Work required:
Output the records below again, precisely as they are written.

(Data listing Opens)

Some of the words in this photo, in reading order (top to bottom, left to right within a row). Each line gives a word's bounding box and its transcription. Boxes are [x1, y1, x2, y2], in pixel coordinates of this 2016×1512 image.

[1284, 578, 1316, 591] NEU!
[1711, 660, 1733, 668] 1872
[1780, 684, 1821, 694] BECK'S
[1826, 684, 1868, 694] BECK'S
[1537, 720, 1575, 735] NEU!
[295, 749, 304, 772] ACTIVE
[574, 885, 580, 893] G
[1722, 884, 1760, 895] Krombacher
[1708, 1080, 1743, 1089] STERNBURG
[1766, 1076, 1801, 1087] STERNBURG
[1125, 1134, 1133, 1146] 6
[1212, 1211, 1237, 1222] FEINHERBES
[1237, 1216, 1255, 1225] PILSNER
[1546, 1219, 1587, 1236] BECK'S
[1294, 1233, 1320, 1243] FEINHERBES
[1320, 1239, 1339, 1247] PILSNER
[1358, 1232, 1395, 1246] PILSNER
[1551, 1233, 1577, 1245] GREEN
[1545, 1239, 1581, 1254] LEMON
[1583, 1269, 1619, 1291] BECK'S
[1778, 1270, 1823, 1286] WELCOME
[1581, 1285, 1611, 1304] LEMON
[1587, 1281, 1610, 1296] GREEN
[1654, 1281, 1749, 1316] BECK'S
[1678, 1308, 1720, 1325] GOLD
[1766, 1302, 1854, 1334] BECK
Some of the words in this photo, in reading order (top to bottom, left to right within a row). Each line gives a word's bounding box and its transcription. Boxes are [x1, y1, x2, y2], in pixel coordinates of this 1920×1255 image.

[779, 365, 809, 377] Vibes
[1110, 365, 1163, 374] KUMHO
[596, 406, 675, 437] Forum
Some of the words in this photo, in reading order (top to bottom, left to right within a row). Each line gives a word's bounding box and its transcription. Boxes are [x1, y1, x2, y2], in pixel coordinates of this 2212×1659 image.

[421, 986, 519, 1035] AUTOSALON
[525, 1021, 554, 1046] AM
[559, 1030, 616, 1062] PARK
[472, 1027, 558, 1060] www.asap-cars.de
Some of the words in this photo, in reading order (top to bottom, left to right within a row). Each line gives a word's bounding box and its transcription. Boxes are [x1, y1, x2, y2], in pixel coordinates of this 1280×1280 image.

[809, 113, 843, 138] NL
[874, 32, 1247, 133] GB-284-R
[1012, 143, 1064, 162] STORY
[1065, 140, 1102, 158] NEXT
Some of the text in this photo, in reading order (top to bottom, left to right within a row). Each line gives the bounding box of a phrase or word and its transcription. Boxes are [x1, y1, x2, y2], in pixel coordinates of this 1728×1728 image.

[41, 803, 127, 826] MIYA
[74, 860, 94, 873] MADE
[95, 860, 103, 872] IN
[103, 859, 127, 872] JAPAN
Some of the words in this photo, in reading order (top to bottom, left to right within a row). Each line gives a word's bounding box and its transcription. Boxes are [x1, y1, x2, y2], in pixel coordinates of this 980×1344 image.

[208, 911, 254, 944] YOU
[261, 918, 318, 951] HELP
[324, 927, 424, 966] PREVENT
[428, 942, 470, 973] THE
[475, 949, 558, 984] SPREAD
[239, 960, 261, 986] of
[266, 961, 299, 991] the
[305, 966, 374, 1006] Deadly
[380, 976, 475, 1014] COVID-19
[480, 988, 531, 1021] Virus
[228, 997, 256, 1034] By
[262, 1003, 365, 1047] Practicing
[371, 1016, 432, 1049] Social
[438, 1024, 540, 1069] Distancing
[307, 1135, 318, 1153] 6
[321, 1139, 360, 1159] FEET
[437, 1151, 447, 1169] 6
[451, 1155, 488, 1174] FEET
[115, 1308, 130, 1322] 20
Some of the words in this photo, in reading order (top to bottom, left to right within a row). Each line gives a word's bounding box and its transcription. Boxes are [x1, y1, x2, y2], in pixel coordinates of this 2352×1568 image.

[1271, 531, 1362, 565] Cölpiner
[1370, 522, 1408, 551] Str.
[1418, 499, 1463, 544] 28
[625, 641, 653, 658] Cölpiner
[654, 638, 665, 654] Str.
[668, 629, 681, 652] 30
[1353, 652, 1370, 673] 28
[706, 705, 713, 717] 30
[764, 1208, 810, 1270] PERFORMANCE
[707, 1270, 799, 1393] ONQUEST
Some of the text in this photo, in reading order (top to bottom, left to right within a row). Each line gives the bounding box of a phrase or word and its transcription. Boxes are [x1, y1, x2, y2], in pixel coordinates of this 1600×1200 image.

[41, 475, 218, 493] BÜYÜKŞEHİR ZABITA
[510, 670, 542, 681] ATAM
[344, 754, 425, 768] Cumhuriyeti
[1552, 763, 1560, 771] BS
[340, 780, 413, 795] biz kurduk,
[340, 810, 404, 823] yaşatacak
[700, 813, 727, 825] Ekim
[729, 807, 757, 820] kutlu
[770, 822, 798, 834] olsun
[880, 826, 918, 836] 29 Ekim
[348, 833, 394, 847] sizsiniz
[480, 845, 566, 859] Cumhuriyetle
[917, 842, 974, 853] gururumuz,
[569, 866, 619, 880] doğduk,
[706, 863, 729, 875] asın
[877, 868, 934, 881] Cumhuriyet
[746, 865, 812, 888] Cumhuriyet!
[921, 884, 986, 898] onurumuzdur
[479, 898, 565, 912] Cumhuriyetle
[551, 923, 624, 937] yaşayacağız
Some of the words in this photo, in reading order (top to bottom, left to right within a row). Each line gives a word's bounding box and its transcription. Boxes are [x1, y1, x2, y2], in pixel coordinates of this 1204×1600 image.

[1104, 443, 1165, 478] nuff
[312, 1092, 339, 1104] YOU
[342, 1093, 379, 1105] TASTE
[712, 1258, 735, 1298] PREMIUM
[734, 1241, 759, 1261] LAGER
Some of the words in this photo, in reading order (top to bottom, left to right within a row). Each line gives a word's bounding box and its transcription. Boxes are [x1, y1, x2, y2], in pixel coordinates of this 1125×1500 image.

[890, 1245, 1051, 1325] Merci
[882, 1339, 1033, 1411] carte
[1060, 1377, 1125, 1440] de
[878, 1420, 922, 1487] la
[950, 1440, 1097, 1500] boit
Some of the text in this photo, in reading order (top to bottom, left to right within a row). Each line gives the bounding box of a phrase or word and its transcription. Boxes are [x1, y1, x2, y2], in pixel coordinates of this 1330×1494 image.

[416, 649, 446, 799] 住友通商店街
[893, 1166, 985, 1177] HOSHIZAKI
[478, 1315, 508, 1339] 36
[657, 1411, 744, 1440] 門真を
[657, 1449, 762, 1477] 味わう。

(Data listing Closes)

Response to the task:
Some of the words in this photo, in reading order (top to bottom, left to right within a row). Each line gives a word's bounding box and its transcription. Boxes are [x1, y1, x2, y2], in pixel coordinates of this 2016×1512 image.

[1284, 578, 1316, 591] NEU!
[1711, 660, 1733, 668] 1872
[1780, 684, 1821, 694] BECK'S
[1826, 684, 1868, 694] BECK'S
[1537, 720, 1575, 735] NEU!
[295, 749, 304, 772] ACTIVE
[574, 885, 580, 893] G
[1722, 884, 1760, 895] Krombacher
[1708, 1080, 1743, 1089] STERNBURG
[1766, 1076, 1801, 1087] STERNBURG
[1125, 1134, 1133, 1146] 6
[1212, 1211, 1237, 1222] FEINHERBES
[1237, 1216, 1255, 1225] PILSNER
[1546, 1219, 1587, 1236] BECK'S
[1294, 1233, 1320, 1243] FEINHERBES
[1320, 1239, 1339, 1247] PILSNER
[1358, 1232, 1395, 1246] PILSNER
[1551, 1233, 1577, 1245] GREEN
[1545, 1239, 1581, 1254] LEMON
[1583, 1269, 1619, 1291] BECK'S
[1778, 1270, 1823, 1286] WELCOME
[1581, 1285, 1611, 1304] LEMON
[1587, 1281, 1610, 1296] GREEN
[1654, 1281, 1749, 1316] BECK'S
[1678, 1308, 1720, 1325] GOLD
[1766, 1302, 1854, 1334] BECK
Some of the words in this photo, in reading order (top to bottom, left to right within a row). Each line gives a word's bounding box and its transcription. Boxes are [x1, y1, x2, y2], in pixel coordinates of this 1920×1255 image.

[779, 365, 809, 377] Vibes
[1110, 365, 1163, 374] KUMHO
[596, 406, 675, 437] Forum
Some of the words in this photo, in reading order (top to bottom, left to right within a row). Each line gives a word's bounding box and its transcription. Boxes are [x1, y1, x2, y2], in pixel coordinates of this 2212×1659 image.

[421, 986, 519, 1035] AUTOSALON
[525, 1021, 554, 1046] AM
[559, 1030, 616, 1062] PARK
[472, 1027, 558, 1060] www.asap-cars.de
Some of the words in this photo, in reading order (top to bottom, left to right within a row). Each line gives a word's bounding box and its transcription. Boxes are [x1, y1, x2, y2], in pixel coordinates of this 1280×1280 image.

[809, 113, 843, 138] NL
[874, 32, 1247, 133] GB-284-R
[1012, 143, 1064, 162] STORY
[1065, 140, 1102, 158] NEXT
Some of the text in this photo, in reading order (top to bottom, left to right within a row). Each line gives the bounding box of a phrase or word and its transcription. Boxes are [x1, y1, x2, y2], in pixel coordinates of this 1728×1728 image.

[41, 803, 127, 826] MIYA
[74, 860, 94, 873] MADE
[95, 860, 103, 872] IN
[103, 859, 127, 872] JAPAN
Some of the words in this photo, in reading order (top to bottom, left to right within a row). Each line gives a word's bounding box and its transcription. Boxes are [x1, y1, x2, y2], in pixel coordinates of this 980×1344 image.

[208, 911, 254, 944] YOU
[261, 918, 318, 951] HELP
[324, 927, 424, 966] PREVENT
[428, 942, 470, 973] THE
[475, 949, 558, 984] SPREAD
[239, 960, 261, 986] of
[266, 961, 299, 991] the
[305, 966, 374, 1006] Deadly
[380, 976, 475, 1014] COVID-19
[480, 988, 531, 1021] Virus
[228, 997, 256, 1034] By
[262, 1003, 365, 1047] Practicing
[371, 1016, 432, 1049] Social
[438, 1024, 540, 1069] Distancing
[307, 1135, 318, 1153] 6
[321, 1139, 360, 1159] FEET
[437, 1151, 447, 1169] 6
[451, 1155, 488, 1174] FEET
[115, 1308, 130, 1322] 20
Some of the words in this photo, in reading order (top to bottom, left to right within a row). Each line gives a word's bounding box and its transcription. Boxes are [x1, y1, x2, y2], in pixel coordinates of this 2352×1568 image.

[1271, 531, 1362, 565] Cölpiner
[1370, 522, 1408, 551] Str.
[1418, 499, 1463, 544] 28
[625, 641, 653, 658] Cölpiner
[654, 638, 665, 654] Str.
[668, 629, 681, 652] 30
[1353, 652, 1370, 673] 28
[706, 705, 713, 717] 30
[764, 1208, 810, 1270] PERFORMANCE
[707, 1270, 799, 1393] ONQUEST
Some of the text in this photo, in reading order (top to bottom, left to right within a row). Each line gives the bounding box of a phrase or word and its transcription. Boxes are [x1, y1, x2, y2], in pixel coordinates of this 1600×1200 image.

[41, 475, 218, 493] BÜYÜKŞEHİR ZABITA
[510, 670, 542, 681] ATAM
[344, 754, 425, 768] Cumhuriyeti
[1552, 763, 1560, 771] BS
[340, 780, 413, 795] biz kurduk,
[340, 810, 404, 823] yaşatacak
[700, 813, 727, 825] Ekim
[729, 807, 757, 820] kutlu
[770, 822, 798, 834] olsun
[880, 826, 918, 836] 29 Ekim
[348, 833, 394, 847] sizsiniz
[480, 845, 566, 859] Cumhuriyetle
[917, 842, 974, 853] gururumuz,
[569, 866, 619, 880] doğduk,
[706, 863, 729, 875] asın
[877, 868, 934, 881] Cumhuriyet
[746, 865, 812, 888] Cumhuriyet!
[921, 884, 986, 898] onurumuzdur
[479, 898, 565, 912] Cumhuriyetle
[551, 923, 624, 937] yaşayacağız
Some of the words in this photo, in reading order (top to bottom, left to right within a row). Each line gives a word's bounding box and its transcription. Boxes are [x1, y1, x2, y2], in pixel coordinates of this 1204×1600 image.

[1104, 443, 1165, 478] nuff
[312, 1092, 339, 1104] YOU
[342, 1093, 379, 1105] TASTE
[712, 1258, 735, 1298] PREMIUM
[734, 1241, 759, 1261] LAGER
Some of the words in this photo, in reading order (top to bottom, left to right within a row). Each line gives a word's bounding box and its transcription. Boxes are [x1, y1, x2, y2], in pixel coordinates of this 1125×1500 image.

[890, 1245, 1051, 1325] Merci
[882, 1339, 1033, 1411] carte
[1060, 1377, 1125, 1440] de
[878, 1420, 922, 1487] la
[950, 1440, 1097, 1500] boit
Some of the text in this photo, in reading order (top to bottom, left to right within a row). Each line gives the bounding box of a phrase or word and its transcription. Boxes are [x1, y1, x2, y2], in pixel coordinates of this 1330×1494 image.

[416, 649, 446, 799] 住友通商店街
[893, 1166, 985, 1177] HOSHIZAKI
[478, 1315, 508, 1339] 36
[657, 1411, 744, 1440] 門真を
[657, 1449, 762, 1477] 味わう。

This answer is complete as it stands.